§ Problem to solve
Write out the data word for word and omit every picture.

====

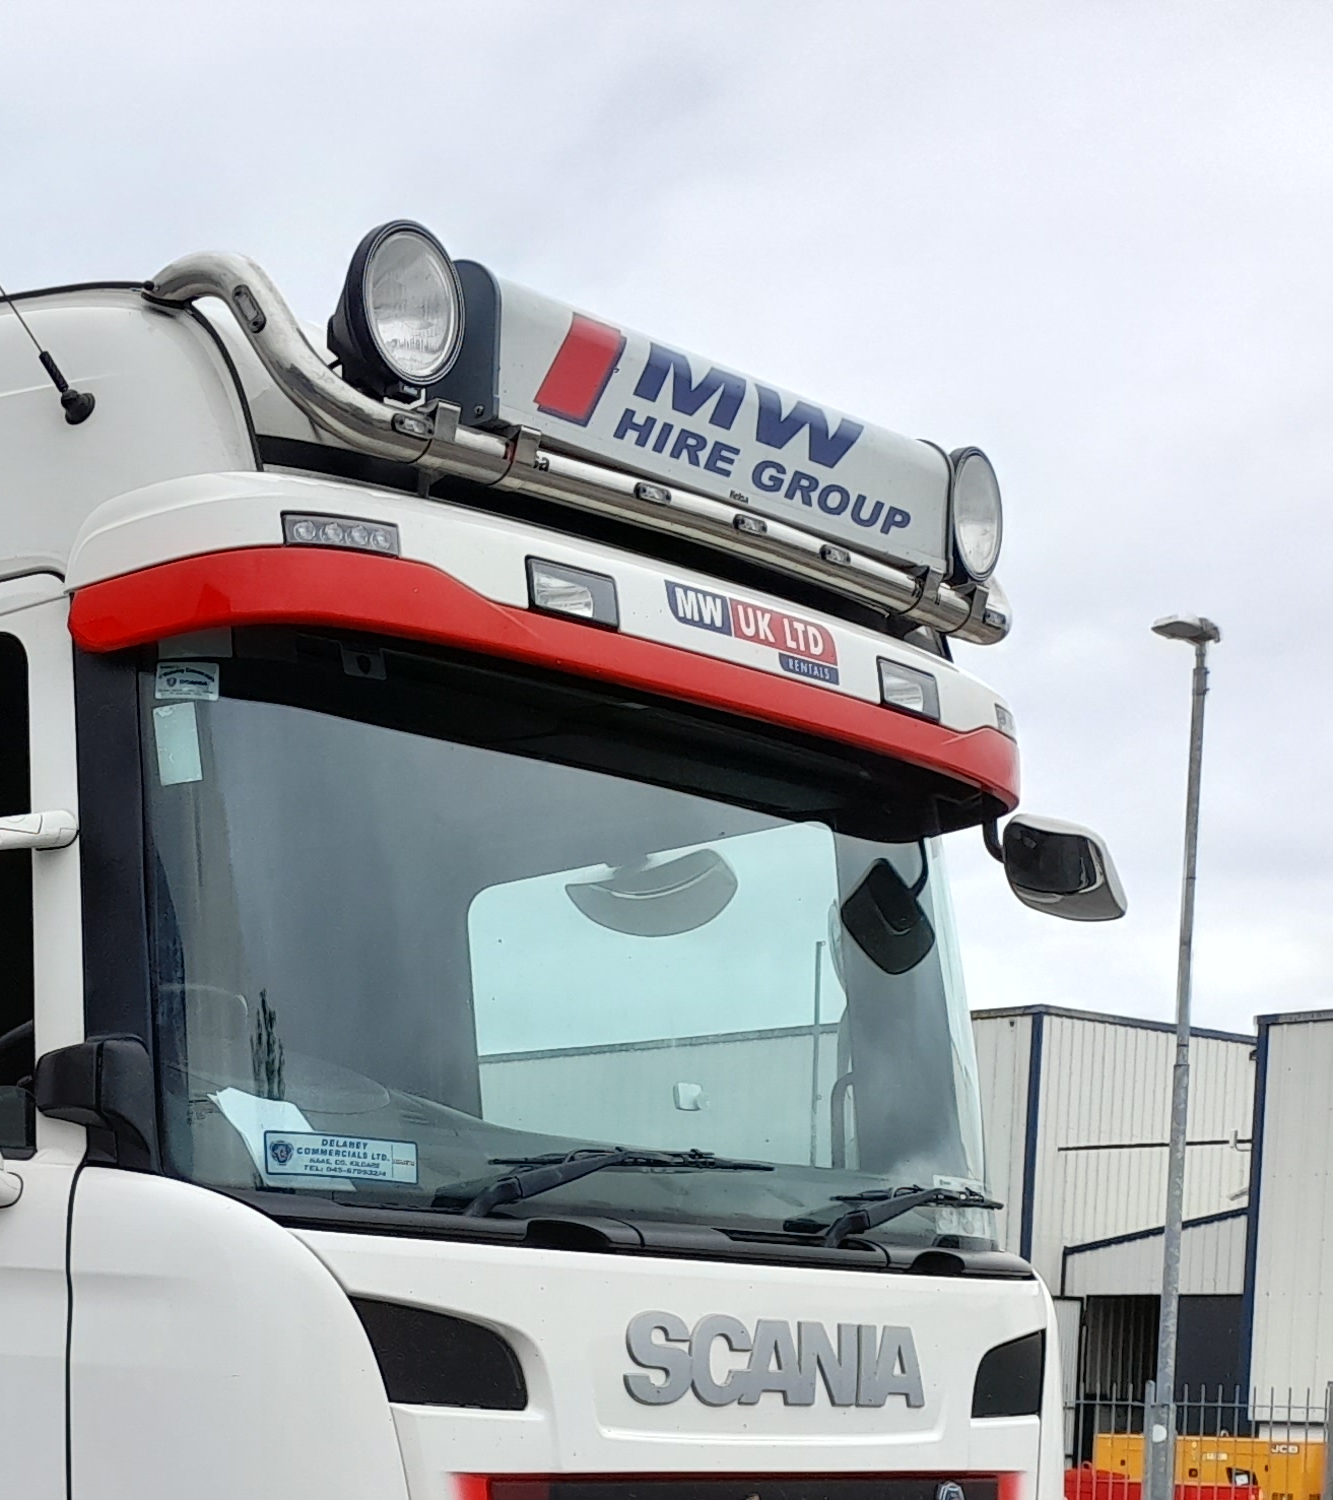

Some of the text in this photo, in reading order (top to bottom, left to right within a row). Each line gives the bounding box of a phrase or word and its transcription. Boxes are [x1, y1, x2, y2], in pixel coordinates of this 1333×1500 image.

[633, 342, 864, 469] MW
[613, 408, 912, 535] HIRE GROUP
[674, 586, 824, 656] MW UK LTD
[788, 658, 831, 680] RENTALS
[296, 1147, 368, 1160] COMMERCIALS
[321, 1139, 369, 1150] DELANEY
[623, 1309, 926, 1408] SCANIA
[1271, 1444, 1299, 1454] JCB

====

§ Answer space
Some of the text in this photo, in reading order (top to bottom, left to right within a row). Each line gives the bounding box of a phrase or word and its transcription. Boxes are [x1, y1, x2, y2], in pixel coordinates of this 1333×1500 image.

[633, 342, 864, 469] MW
[613, 408, 912, 535] HIRE GROUP
[674, 586, 824, 656] MW UK LTD
[788, 658, 831, 680] RENTALS
[296, 1147, 368, 1160] COMMERCIALS
[321, 1139, 369, 1150] DELANEY
[623, 1309, 926, 1408] SCANIA
[1271, 1444, 1299, 1454] JCB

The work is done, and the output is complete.